On the other hand, they could change the plan, and instead of letting Senior take the fall, arrest Dimitri. If he was in the same prison as Michail, there would be a bit of a power struggle, but they would eventually consolidate their grasp. On the outside, Senior would continue on as usual, but he would be facing a tough choice about an heir. Depending on Dimitri's sentence, he might decide to wait. Or he might decide it was time to bring Katya into the fold. Either way, he would be on his own way out in another twenty years or so. At that point, if both boys were still in jail, there would be a bit of a power vacuum. The Bratva would be unstable for a while, and Metro could capitalize on that.
There was a third option, however, and one that Tony both did and did not want to think about. If they let Senior take the fall, he could choose to stay with Dimitri. Tonio could cling to him and comfort him in his time of need. Tonio could assure his lover that he would never desert him, and that the sacrifice his family had made on his behalf was worth something. Tonio could continue the undercover operation, waiting until Dimitri slipped up again, without his father to step in and take the heat. Tony could take down the entire Bratva hierarchy. But in the meantime, he could keep his lover.

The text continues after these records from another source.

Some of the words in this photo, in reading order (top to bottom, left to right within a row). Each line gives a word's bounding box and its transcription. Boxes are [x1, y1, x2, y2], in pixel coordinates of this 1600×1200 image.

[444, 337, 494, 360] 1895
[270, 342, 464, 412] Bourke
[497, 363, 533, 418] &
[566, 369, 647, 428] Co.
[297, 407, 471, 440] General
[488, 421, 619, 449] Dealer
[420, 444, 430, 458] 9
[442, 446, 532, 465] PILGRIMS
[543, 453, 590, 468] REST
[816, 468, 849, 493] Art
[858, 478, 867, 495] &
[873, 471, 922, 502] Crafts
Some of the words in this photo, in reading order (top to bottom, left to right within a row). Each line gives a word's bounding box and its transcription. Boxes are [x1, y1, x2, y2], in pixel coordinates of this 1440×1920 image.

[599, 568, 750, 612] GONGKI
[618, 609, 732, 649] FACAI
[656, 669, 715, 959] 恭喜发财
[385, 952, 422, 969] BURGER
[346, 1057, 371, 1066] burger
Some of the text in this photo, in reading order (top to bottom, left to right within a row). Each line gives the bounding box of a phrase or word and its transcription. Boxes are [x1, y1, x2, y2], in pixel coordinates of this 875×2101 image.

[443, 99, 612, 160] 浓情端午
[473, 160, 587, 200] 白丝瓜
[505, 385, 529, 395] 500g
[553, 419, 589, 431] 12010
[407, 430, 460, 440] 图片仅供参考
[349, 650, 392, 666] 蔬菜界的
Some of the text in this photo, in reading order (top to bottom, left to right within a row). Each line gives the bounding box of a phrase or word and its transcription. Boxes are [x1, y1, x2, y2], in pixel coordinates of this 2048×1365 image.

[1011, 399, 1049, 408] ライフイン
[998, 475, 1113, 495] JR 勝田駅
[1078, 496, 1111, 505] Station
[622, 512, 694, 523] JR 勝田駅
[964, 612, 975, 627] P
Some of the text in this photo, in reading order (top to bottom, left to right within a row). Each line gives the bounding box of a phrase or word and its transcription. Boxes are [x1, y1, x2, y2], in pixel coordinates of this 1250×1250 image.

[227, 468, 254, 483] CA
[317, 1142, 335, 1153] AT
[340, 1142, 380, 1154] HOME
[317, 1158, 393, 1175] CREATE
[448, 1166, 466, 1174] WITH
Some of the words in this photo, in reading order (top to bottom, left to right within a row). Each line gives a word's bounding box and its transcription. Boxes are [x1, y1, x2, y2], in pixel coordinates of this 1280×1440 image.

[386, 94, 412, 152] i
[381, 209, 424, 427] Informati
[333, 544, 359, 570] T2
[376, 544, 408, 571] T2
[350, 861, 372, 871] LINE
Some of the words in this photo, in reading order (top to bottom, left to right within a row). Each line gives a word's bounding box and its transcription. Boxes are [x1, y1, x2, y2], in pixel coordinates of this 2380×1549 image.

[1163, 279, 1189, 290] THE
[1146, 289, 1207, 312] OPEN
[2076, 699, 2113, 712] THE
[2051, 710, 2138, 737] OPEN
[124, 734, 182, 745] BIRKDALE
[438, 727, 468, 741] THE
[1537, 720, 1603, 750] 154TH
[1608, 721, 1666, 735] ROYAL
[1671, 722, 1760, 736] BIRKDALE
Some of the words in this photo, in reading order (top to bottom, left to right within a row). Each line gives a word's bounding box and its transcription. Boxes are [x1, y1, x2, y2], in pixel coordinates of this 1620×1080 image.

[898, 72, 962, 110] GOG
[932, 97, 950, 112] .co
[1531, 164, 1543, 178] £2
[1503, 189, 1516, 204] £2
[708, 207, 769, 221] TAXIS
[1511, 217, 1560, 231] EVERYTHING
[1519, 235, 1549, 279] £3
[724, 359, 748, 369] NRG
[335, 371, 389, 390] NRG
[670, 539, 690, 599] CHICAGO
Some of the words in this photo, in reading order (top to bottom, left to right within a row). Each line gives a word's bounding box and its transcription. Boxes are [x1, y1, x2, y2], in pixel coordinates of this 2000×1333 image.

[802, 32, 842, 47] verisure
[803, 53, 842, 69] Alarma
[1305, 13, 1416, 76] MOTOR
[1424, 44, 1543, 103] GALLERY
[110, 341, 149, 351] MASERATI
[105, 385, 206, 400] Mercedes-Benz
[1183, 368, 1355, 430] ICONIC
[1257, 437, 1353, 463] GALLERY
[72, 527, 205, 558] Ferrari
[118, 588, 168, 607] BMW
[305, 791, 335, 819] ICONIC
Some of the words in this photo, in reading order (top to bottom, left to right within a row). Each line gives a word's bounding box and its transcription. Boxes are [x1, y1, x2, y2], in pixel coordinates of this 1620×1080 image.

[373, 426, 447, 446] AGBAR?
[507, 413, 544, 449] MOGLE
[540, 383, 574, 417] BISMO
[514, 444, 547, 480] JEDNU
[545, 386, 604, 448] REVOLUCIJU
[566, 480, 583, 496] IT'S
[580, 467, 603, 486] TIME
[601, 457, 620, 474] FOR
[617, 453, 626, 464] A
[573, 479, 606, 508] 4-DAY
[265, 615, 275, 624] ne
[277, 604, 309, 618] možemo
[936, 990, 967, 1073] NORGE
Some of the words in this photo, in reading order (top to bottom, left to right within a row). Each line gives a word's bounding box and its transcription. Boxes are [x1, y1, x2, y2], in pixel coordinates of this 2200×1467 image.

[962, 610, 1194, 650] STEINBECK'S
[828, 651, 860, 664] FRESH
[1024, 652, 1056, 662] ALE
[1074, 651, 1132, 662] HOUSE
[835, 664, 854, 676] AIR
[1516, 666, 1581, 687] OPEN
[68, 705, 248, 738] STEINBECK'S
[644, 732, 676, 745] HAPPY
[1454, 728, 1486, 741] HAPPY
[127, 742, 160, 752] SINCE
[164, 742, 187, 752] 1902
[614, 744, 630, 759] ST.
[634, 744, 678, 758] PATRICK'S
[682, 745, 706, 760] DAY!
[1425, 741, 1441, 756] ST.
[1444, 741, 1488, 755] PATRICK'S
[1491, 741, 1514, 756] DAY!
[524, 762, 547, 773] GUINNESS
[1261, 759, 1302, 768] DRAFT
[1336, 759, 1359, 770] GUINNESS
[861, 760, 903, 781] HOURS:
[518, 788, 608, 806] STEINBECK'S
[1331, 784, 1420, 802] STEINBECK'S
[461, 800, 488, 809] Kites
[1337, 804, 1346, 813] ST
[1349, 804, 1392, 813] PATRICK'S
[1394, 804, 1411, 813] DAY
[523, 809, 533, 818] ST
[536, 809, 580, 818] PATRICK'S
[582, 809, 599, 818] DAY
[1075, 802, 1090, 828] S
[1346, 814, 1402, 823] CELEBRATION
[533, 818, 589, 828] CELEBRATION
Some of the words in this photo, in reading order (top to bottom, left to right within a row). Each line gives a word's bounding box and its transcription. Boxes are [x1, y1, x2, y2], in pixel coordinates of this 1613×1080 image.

Fuck! Tony couldn't afford to go down that path. He couldn't hope to keep his morals and his heart from breaking. That he had managed it the first time was some kind of miracle that he was quite sure he still didn't deserve. There was no chance that he could do it a second time. Tony tried to think it through logically.
They wanted to keep the DiMarco alias open at the end of this all. If he stayed with Dimitri and then later put him in jail, DiMarco would either have to step in and lead the Bratva — which Tony would never do — or let it fall. At that point, either his cover would be blown, or it would appear that he had been a long-term plant from Mike, determined to bring them down from the inside. It could mean a new generation of war between the Italian and Russian families. In the long run, it could lead to a lot more violence and bloodshed. And while it might eventually decimate the Families to a point that made the police happy, the collateral damage in the meantime wasn't something Tony thought he could live with.
As nice a dream as it might be, Tony had to be a realist, or the next thing he knew, he'd be dreaming that Dimitri might reform, and they could live together in morally uncomplicated bliss forever. Tony had to be stronger than that.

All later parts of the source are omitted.